Please sign on as an endorser of the Rights Behind Bars Act, S7772/A8364, here: bit.ly/EndorseRightsBehindBars.
New York prisons, jails, and forensic facilities are and always have been sites of racism, repression, brutality, and abuse. Recent practices by administrators and staff have inflicted even greater harm on people who are incarcerated and their family members, including the following:
- The state prisons have explicitly banned family and care packages, depriving people of their only source of nutritional food and imposing heavy burdens on families. The package ban bans families from sending any food, bans people from bringing any packages to visits, only allows packages to be sent by mail two times a year and those packages can not contain food and must be sent from external vendors.
- Rights Behind Bars would rescind the package ban to ensure that people can send or bring packages, including with food, to their loved ones.
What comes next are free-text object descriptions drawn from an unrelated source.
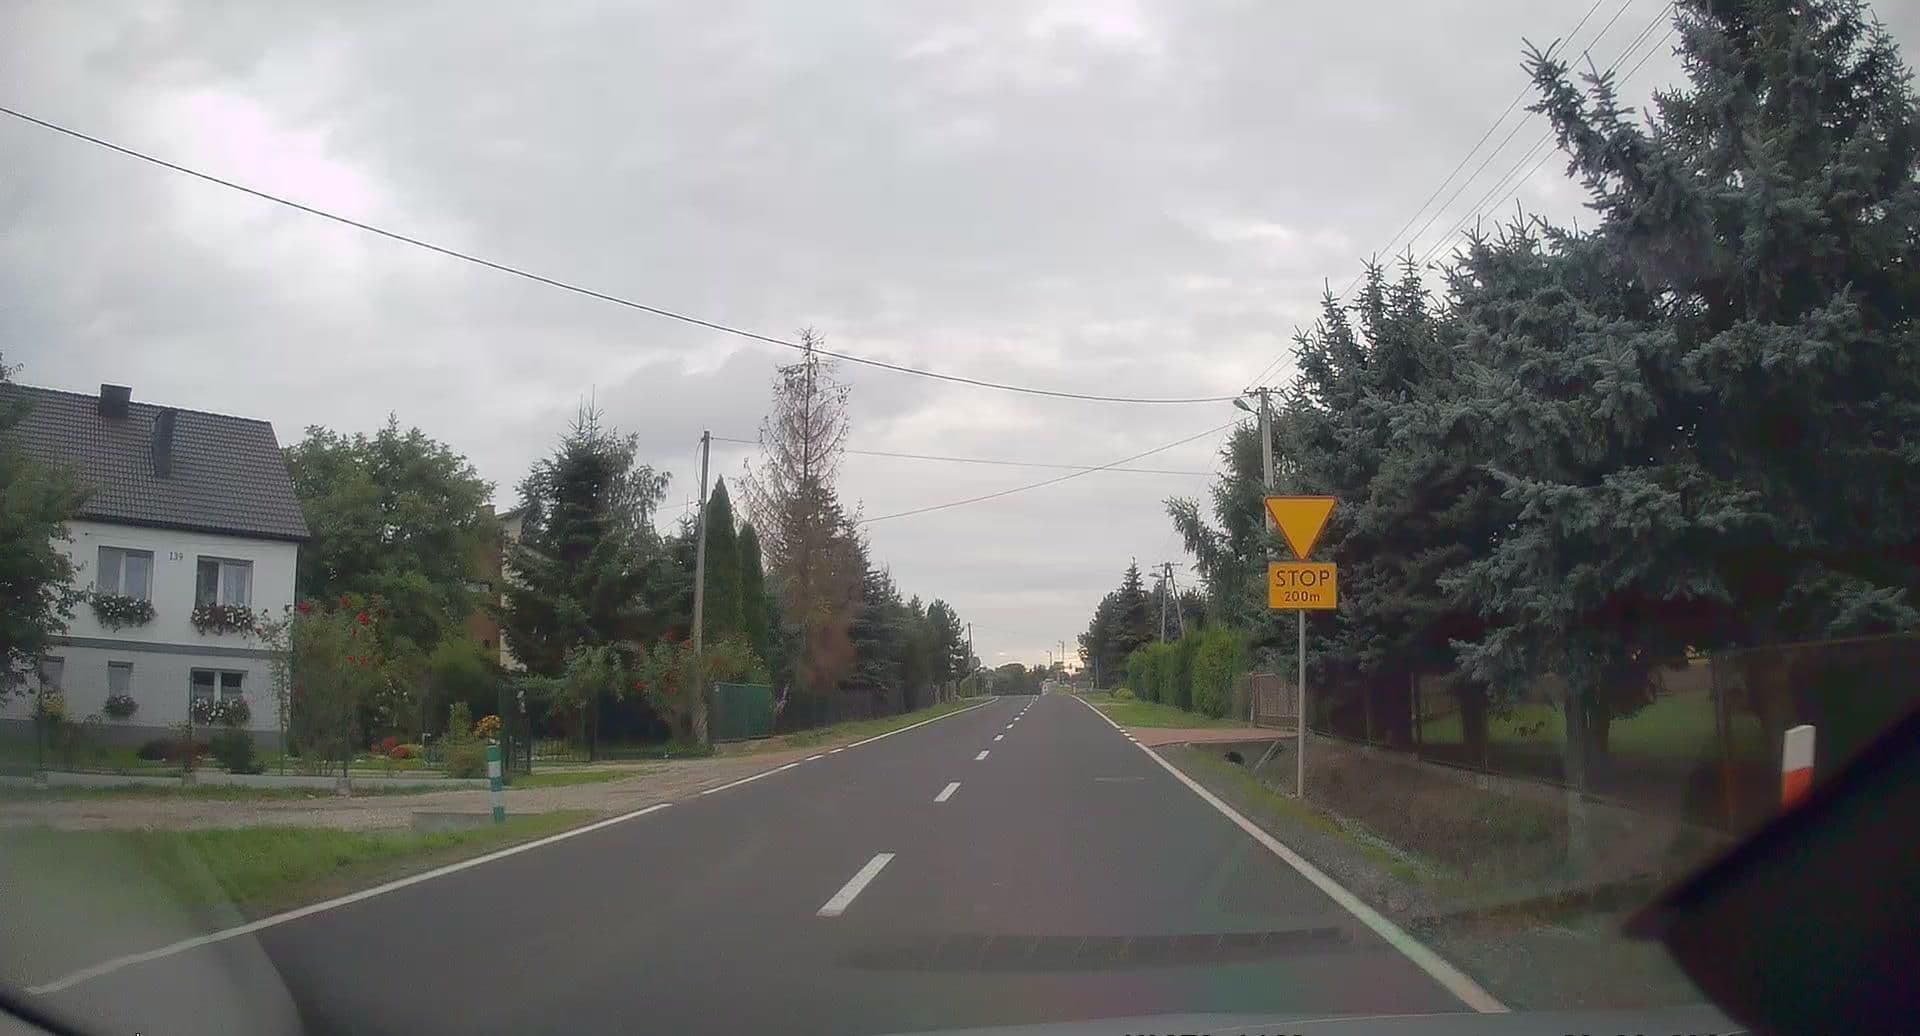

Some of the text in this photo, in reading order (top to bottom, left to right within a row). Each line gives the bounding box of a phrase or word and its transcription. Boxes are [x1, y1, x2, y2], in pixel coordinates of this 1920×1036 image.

[169, 551, 184, 561] 139
[1275, 569, 1330, 587] STOP
[1284, 591, 1320, 602] 200m
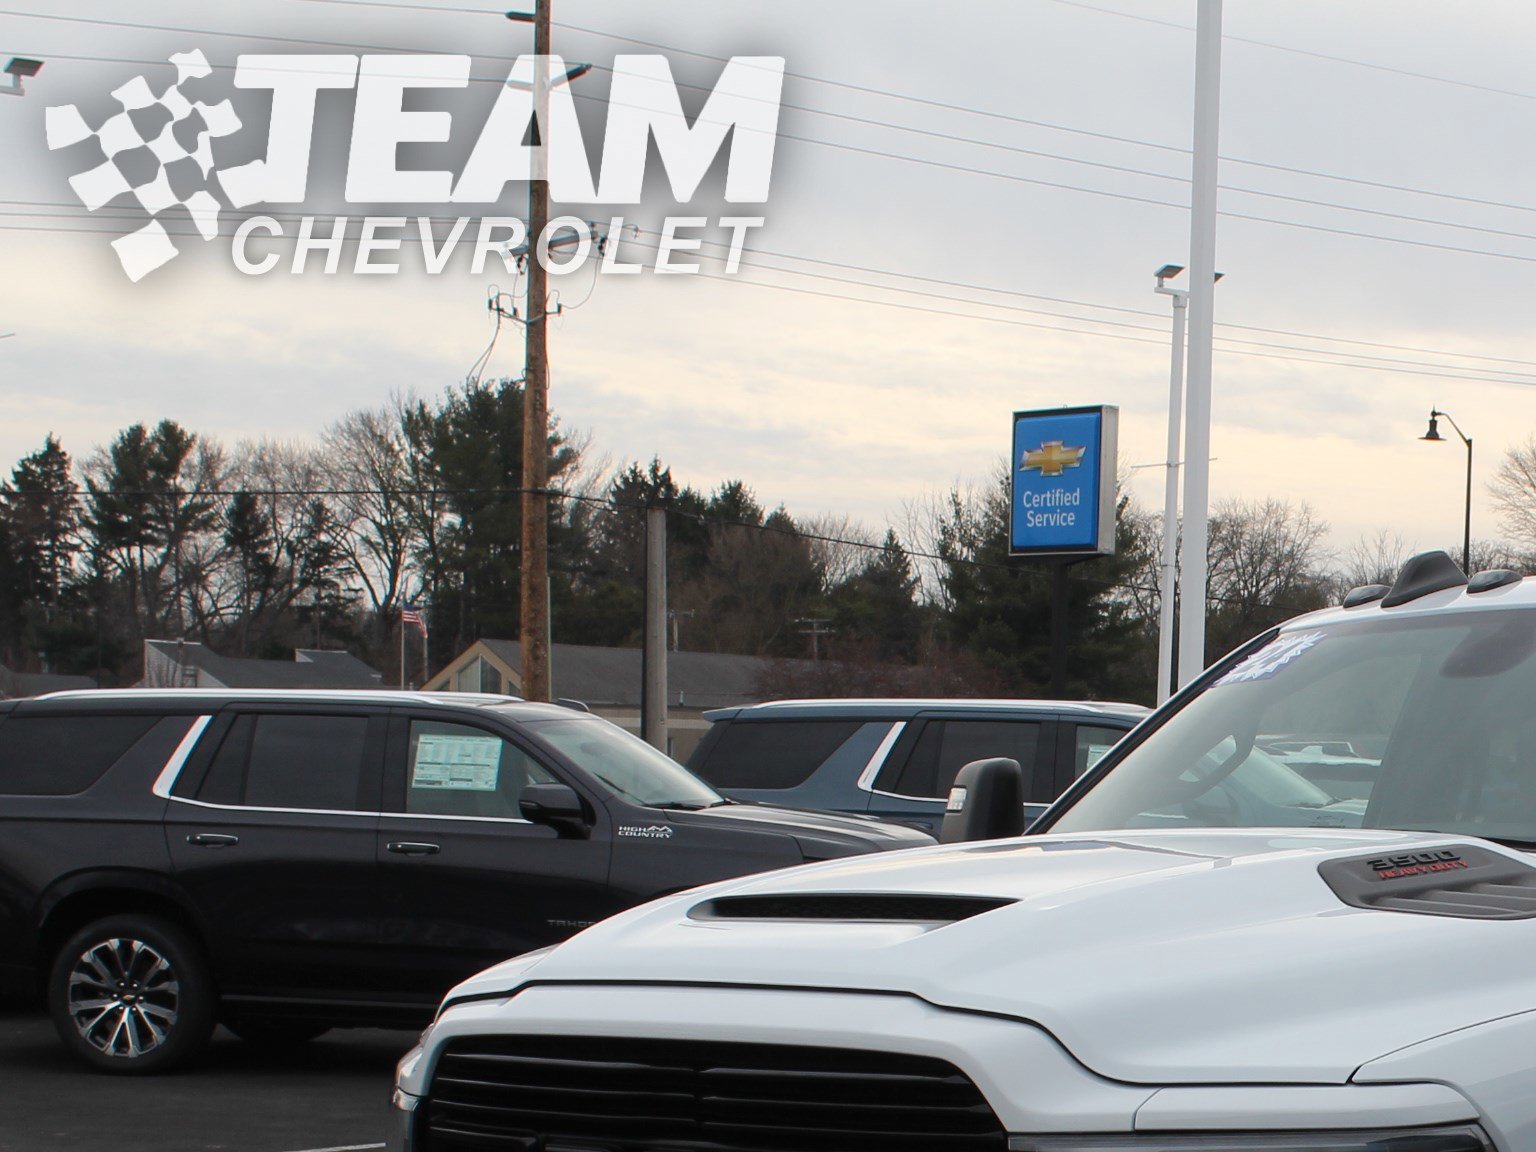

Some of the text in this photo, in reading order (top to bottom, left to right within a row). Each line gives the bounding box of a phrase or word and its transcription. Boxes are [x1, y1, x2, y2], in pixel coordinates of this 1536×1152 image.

[1023, 488, 1080, 508] Certified
[1026, 510, 1075, 527] Service
[618, 831, 671, 839] COUNTRY
[1377, 860, 1469, 880] HEAVY DUTY
- Prisons, jails, and forensic facilities vastly restrict people’s ability to visit with their loved ones. The state prisons have recently adopted a new policy that allows a person to have their visits taken away for any minor rule violation. In addition, facilities provide so-called “contact visits” where people are in a caged area with only the ability to slide their hand through a slot.
- Rights Behind Bars would ensure that all people are able to have visits with their loved ones, and ensure that those visits are actually contact visits where people can be in the same shared space with their loved ones.
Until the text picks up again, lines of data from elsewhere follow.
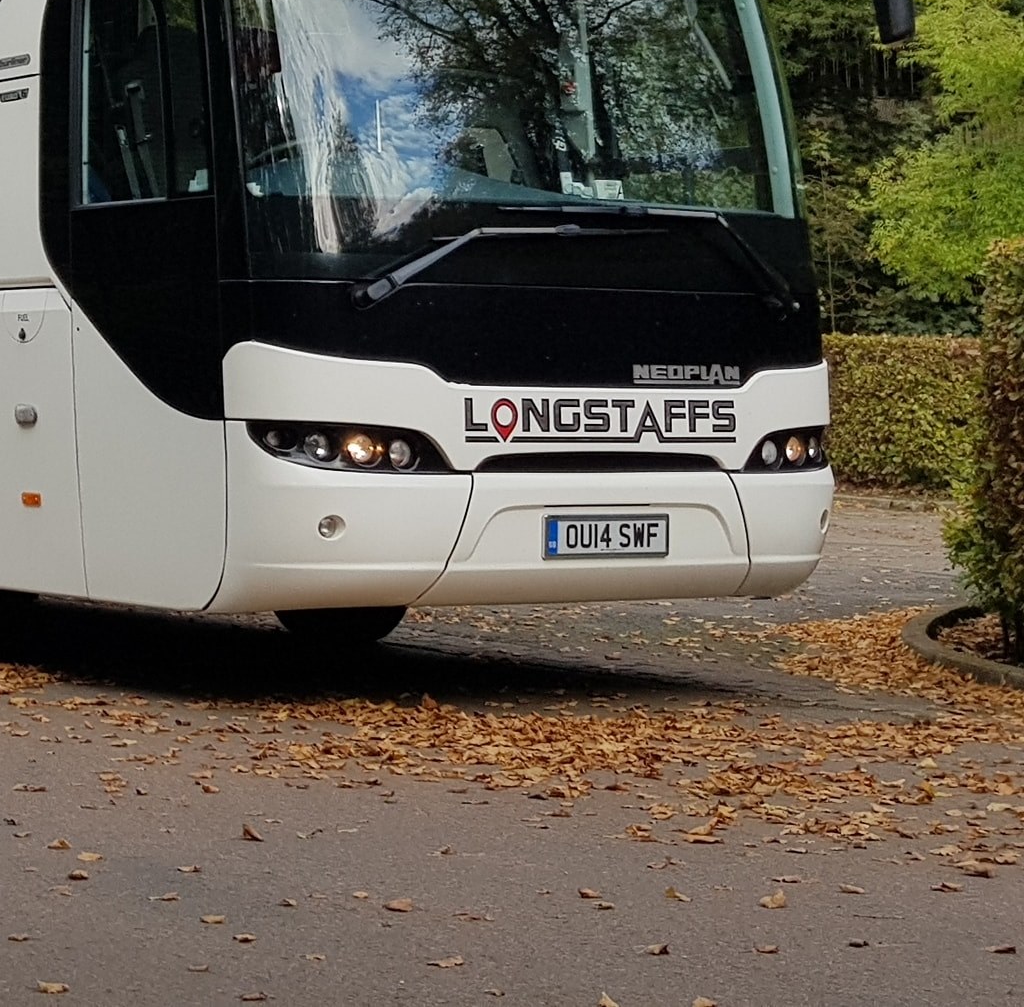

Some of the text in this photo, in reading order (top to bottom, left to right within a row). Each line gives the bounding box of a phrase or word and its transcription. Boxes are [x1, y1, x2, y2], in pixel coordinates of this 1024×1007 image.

[632, 363, 741, 386] NEOPLAN
[464, 397, 737, 443] LONGSTAFFS
[566, 522, 659, 549] OU14 SWF
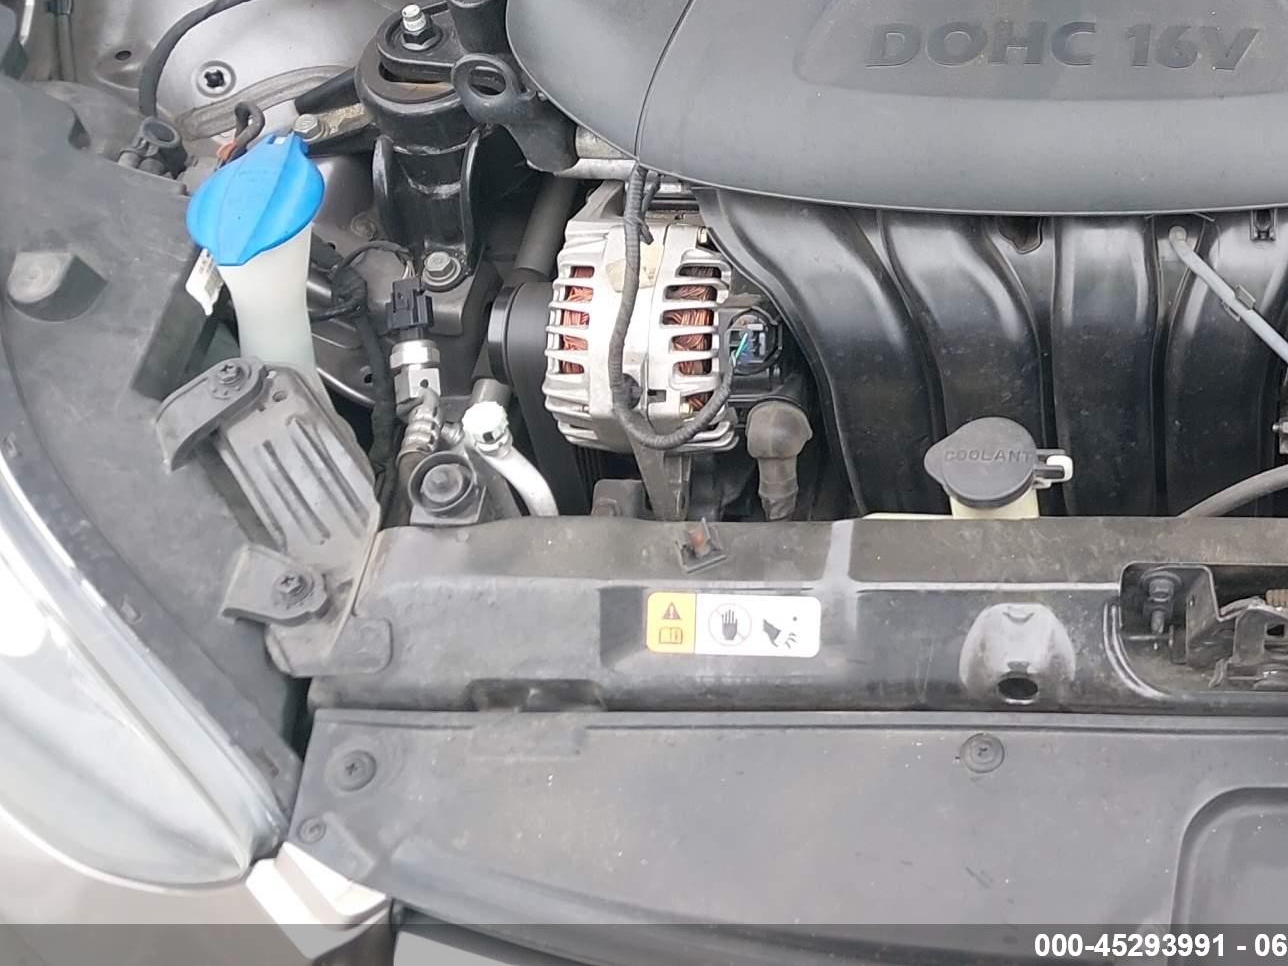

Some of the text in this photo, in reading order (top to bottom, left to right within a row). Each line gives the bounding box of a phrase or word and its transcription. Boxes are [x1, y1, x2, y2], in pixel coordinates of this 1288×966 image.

[865, 20, 1260, 70] DOHC 16V
[944, 448, 1034, 464] COOLANT
- Prisons and jails are flagrantly and systematically violating the HALT Solitary Confinement Law to continue to torture people.
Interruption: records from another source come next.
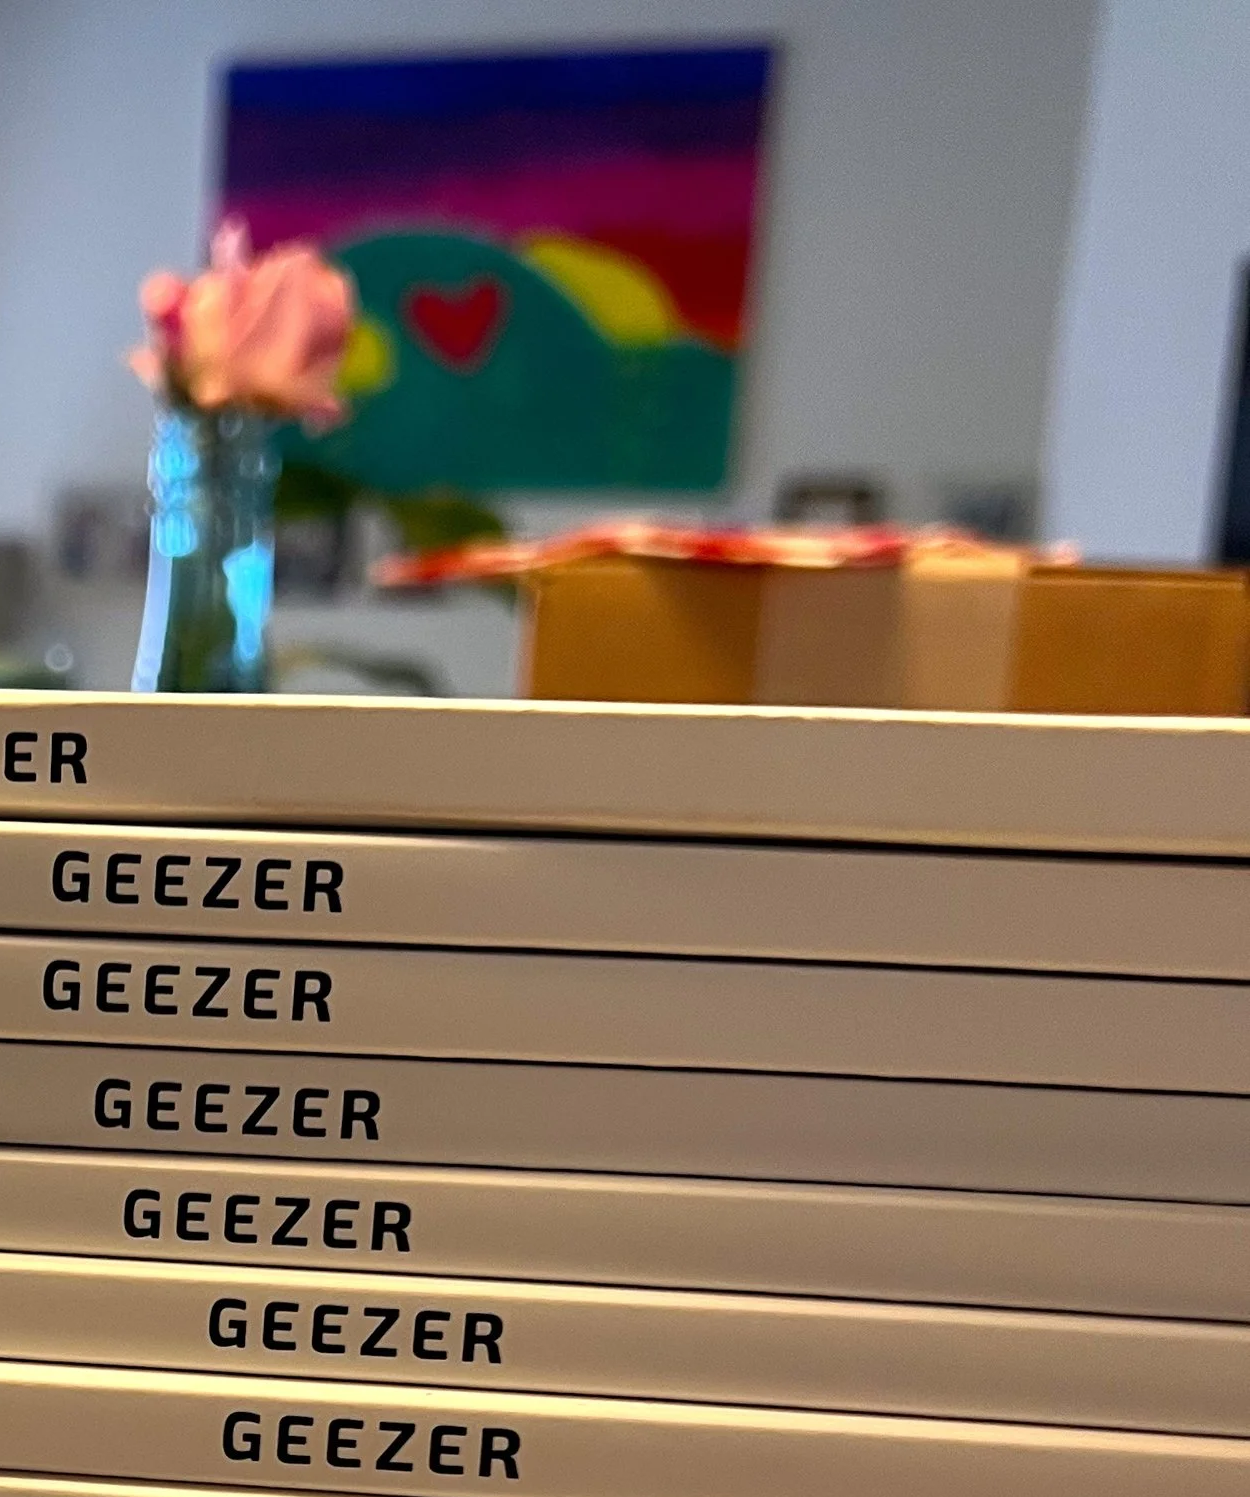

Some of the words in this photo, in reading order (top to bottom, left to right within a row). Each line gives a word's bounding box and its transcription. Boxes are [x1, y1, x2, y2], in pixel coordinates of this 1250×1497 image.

[52, 850, 344, 914] GEEZER
[42, 959, 333, 1023] GEEZER
[94, 1078, 381, 1141] GEEZER
[123, 1188, 412, 1253] GEEZER
[208, 1297, 504, 1365] GEEZER
[222, 1411, 521, 1480] GEEZER
- Rights Behind Bars addresses these violations, including by making even clearer what the law already requires. For example, DOCCS is locking people on the OMH caseload in direct violation of the plain language of HALT, so Rights Behind Bars makes abundantly clear with examples that people on the caseload can’t be in solitary. Similarly, DOCCS is locking people alone in a rec pen for “congregate out-of-cell time”, so Rights Behind Bars makes clear what is already true that out-of-cell time must take place in a group setting in a shared space.
- Prison staff also continue to brutalize incarcerated people with impunity. A recent New York Times investigation started with “Shattered teeth. Punctured lungs. Broken bones” and went on to document myriad cases of rampant staff brutality against people incarcerated, along with falsified records and cover-ups.
- Rights Behind Bars creates heightened standards to prevent brutality, retaliation, falsified records, and cover-ups.